FridaysForFutureItalia: 50mila persone in piazza a Milano contro il summit del bla-bla-bla

Venerdì 1° ottobre i giovani di FridaysForFuture sono hanno dimostrato nelle strade di Milano, dopo il Youth4Climat, durante il quale 400 giovani provenienti da tutto il Mondo avevano potuto confrontarsi con i governanti che partecipano alla PreCop di Milano, in vista del vero e proprio COP-26, la conferenza delle Nazioni Unite sui cambiamenti climatici che si terrà a Glasgow dal 1° al 12 novembre 2021.

Sessione conclusiva del Youth4Climate All’evento intervengono il Primo Ministro del Regno Unito, Boris Johnson, il Segretario generale delle Nazioni Unite, Antonio Guterres, e il Ministro della Transizione Ecologica, Roberto Cingolani. Quattro giovani partecipanti presentano i risultati dei lavori.

50.000 giovani e giovanissimi hanno riempito le strade di Milano in un corteo colorato e deciso. Alla testa Greta Thunberg, Vanessa Nakate e un gruppo di delegati stranieri della Youth4Climate, gli stessi che avevano contestato Draghi al grido di “El pueblo unido” e “no more greenwashing”.

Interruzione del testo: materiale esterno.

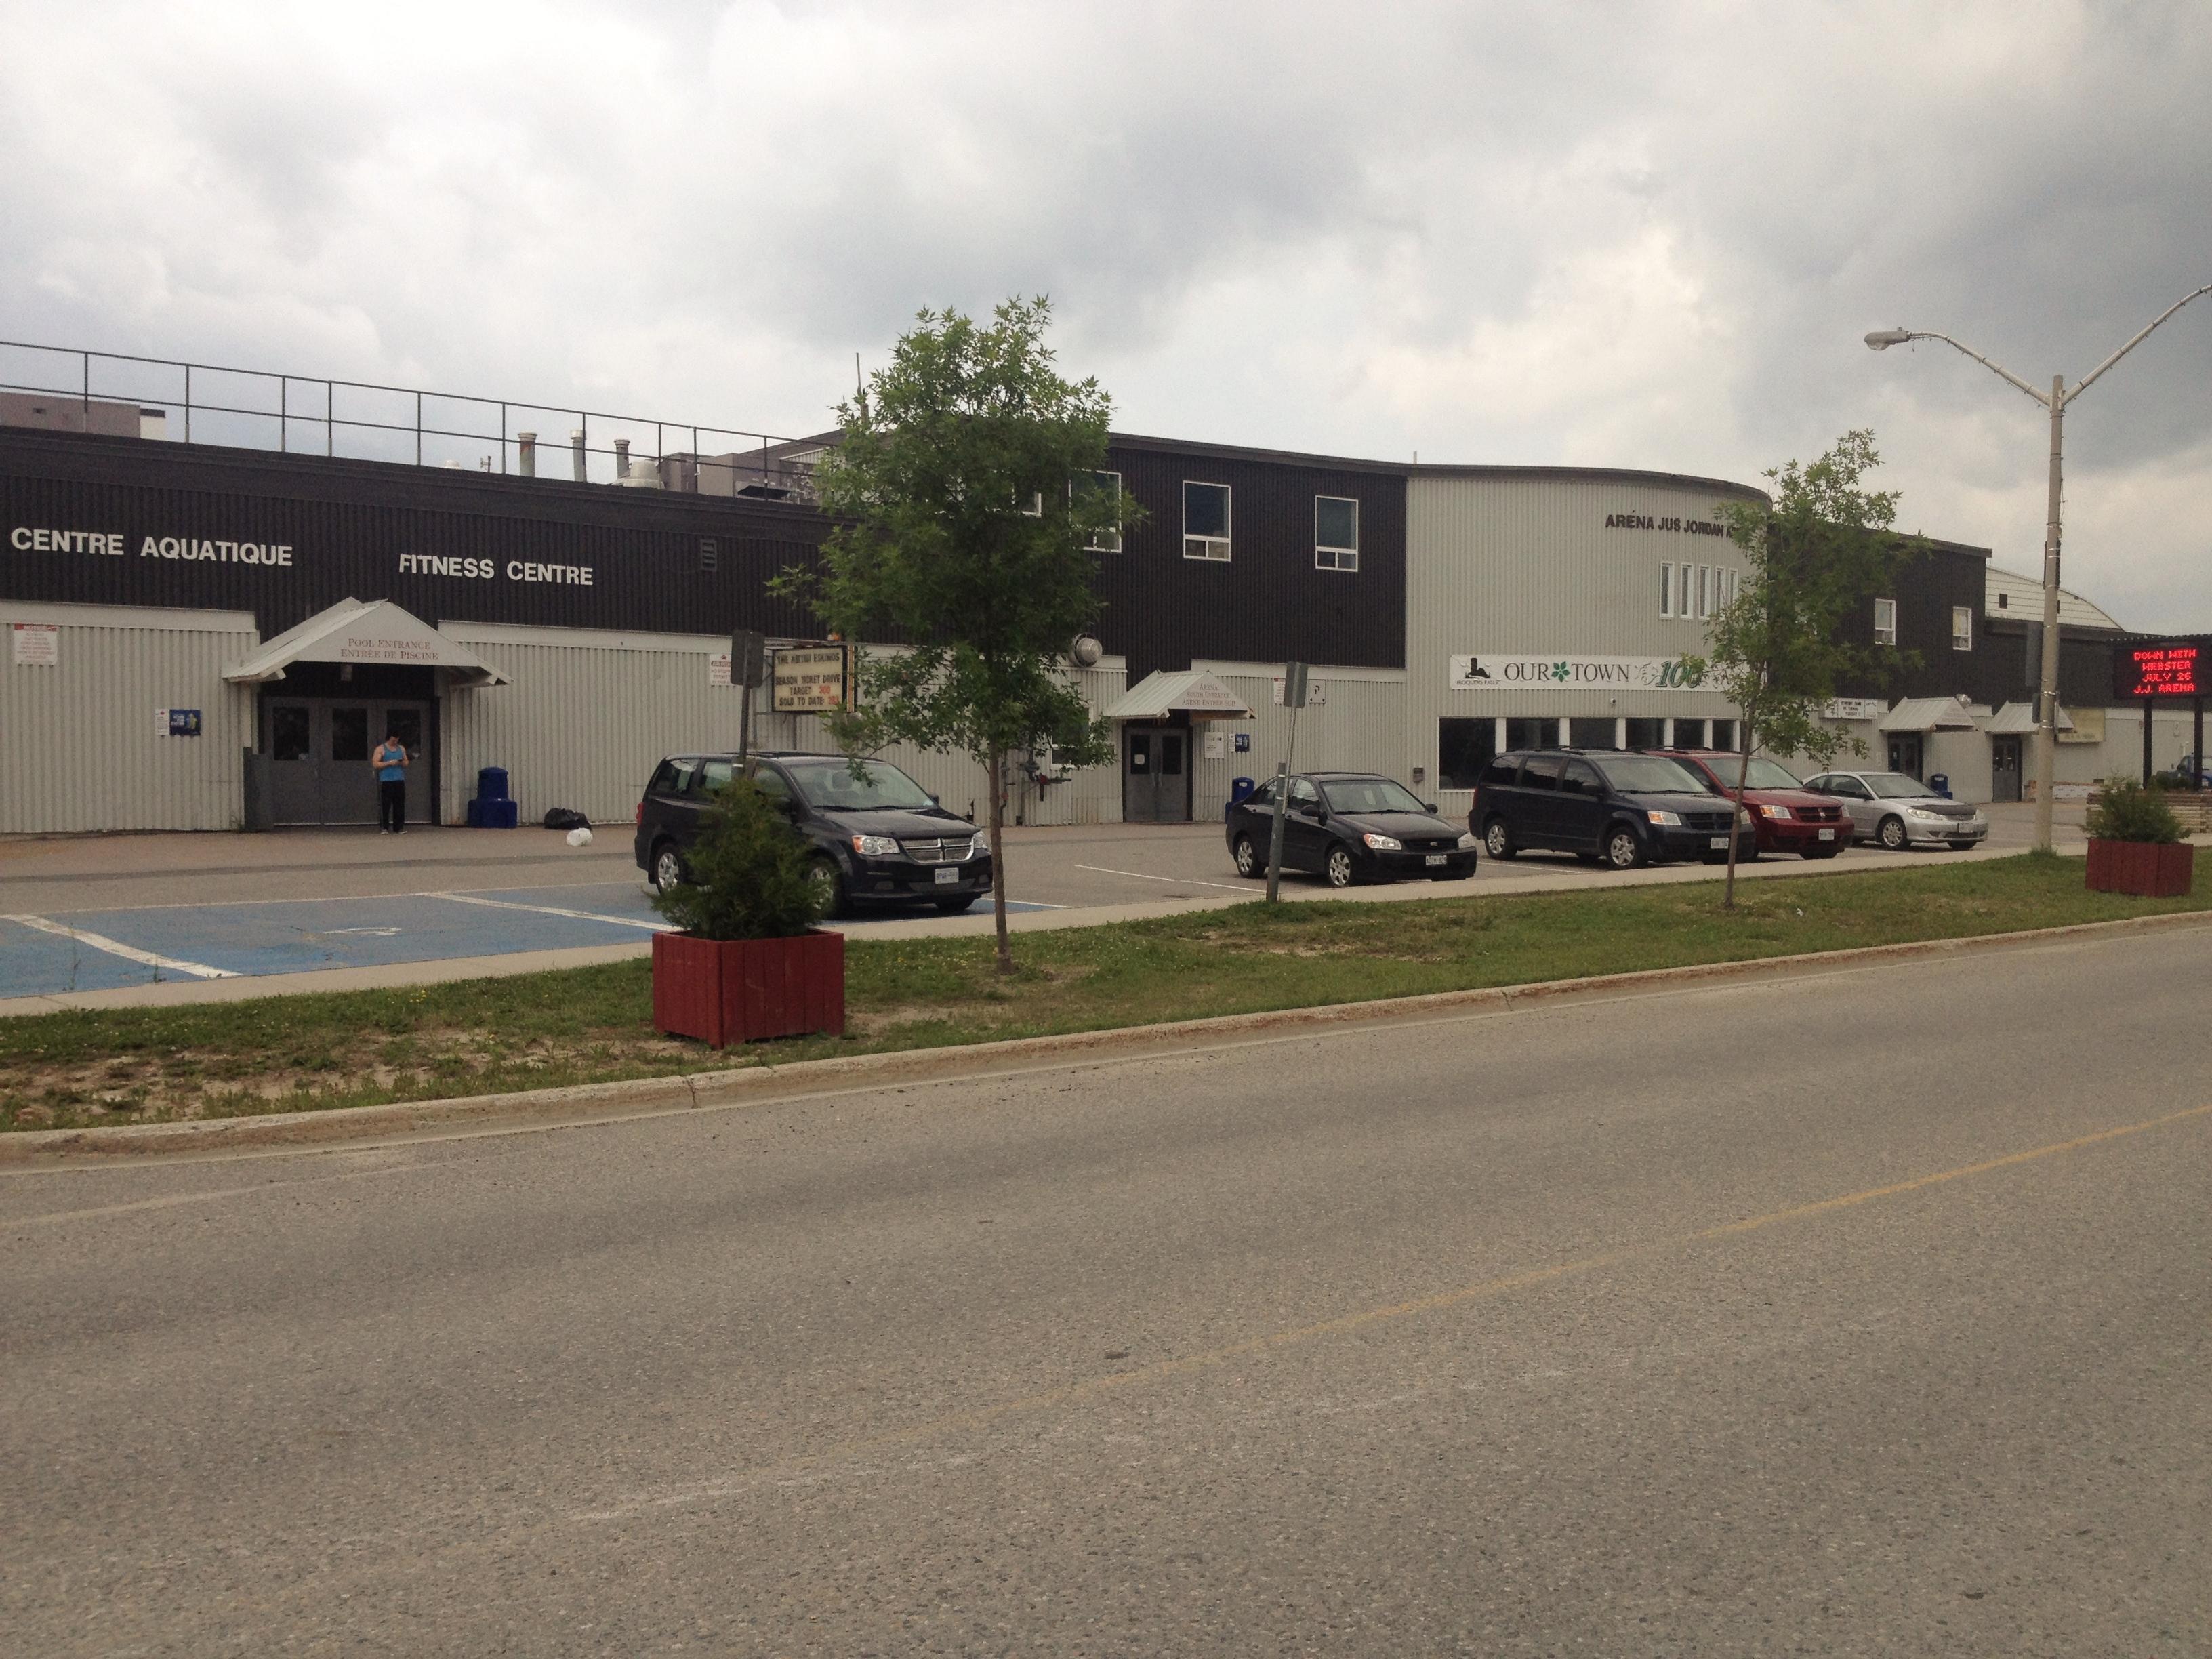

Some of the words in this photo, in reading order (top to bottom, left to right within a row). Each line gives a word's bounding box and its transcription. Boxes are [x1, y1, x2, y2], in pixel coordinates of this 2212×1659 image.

[1605, 510, 1654, 530] ARÉNA
[1658, 517, 1681, 532] JUS
[1684, 520, 1724, 537] JORDAN
[11, 527, 124, 555] CENTRE
[140, 537, 293, 566] AQUATIQUE
[399, 554, 495, 579] FITNESS
[507, 560, 593, 586] CENTRE
[348, 638, 374, 647] POOL
[378, 640, 430, 649] ENTRANCE
[401, 651, 438, 660] PISCINE
[2133, 651, 2163, 661] DOWN
[2169, 649, 2196, 658] WITH
[2142, 661, 2192, 671] WEBSTER
[1504, 663, 1551, 681] OUR
[1571, 663, 1629, 682] TOWN
[2142, 673, 2171, 682] JULY
[2177, 672, 2191, 681] 26
[2133, 684, 2154, 693] J.J.
[2158, 683, 2194, 693] ARENA
[779, 697, 794, 706] SOLD
[798, 697, 805, 705] TO

“oggi inizia la PreCop, il primo passo per quella che dovrebbe essere la Cop risolutiva. Ma solo pochi leader e alcuni stakeholders – le multinazionali del fossile in primis – stanno prendendo tutte le decisioni. Non solo: osservatori e movimenti non sono nemmeno stati ammessi” dice Martina Comparelli, portavoce nazionale di Fridays For Future Italia che ieri ha incontrato il premier Draghi.“

Serve far uscire l’industria del fossile dal tavolo delle trattative, mettere al centro le popolazioni più colpite dalla crisi climatica” continua Comparelli “Vogliamo stop immediato ad ogni nuova infrastruttura legata a petrolio, gas e carbone, basta greenwashing, basta allevamenti intensivi”.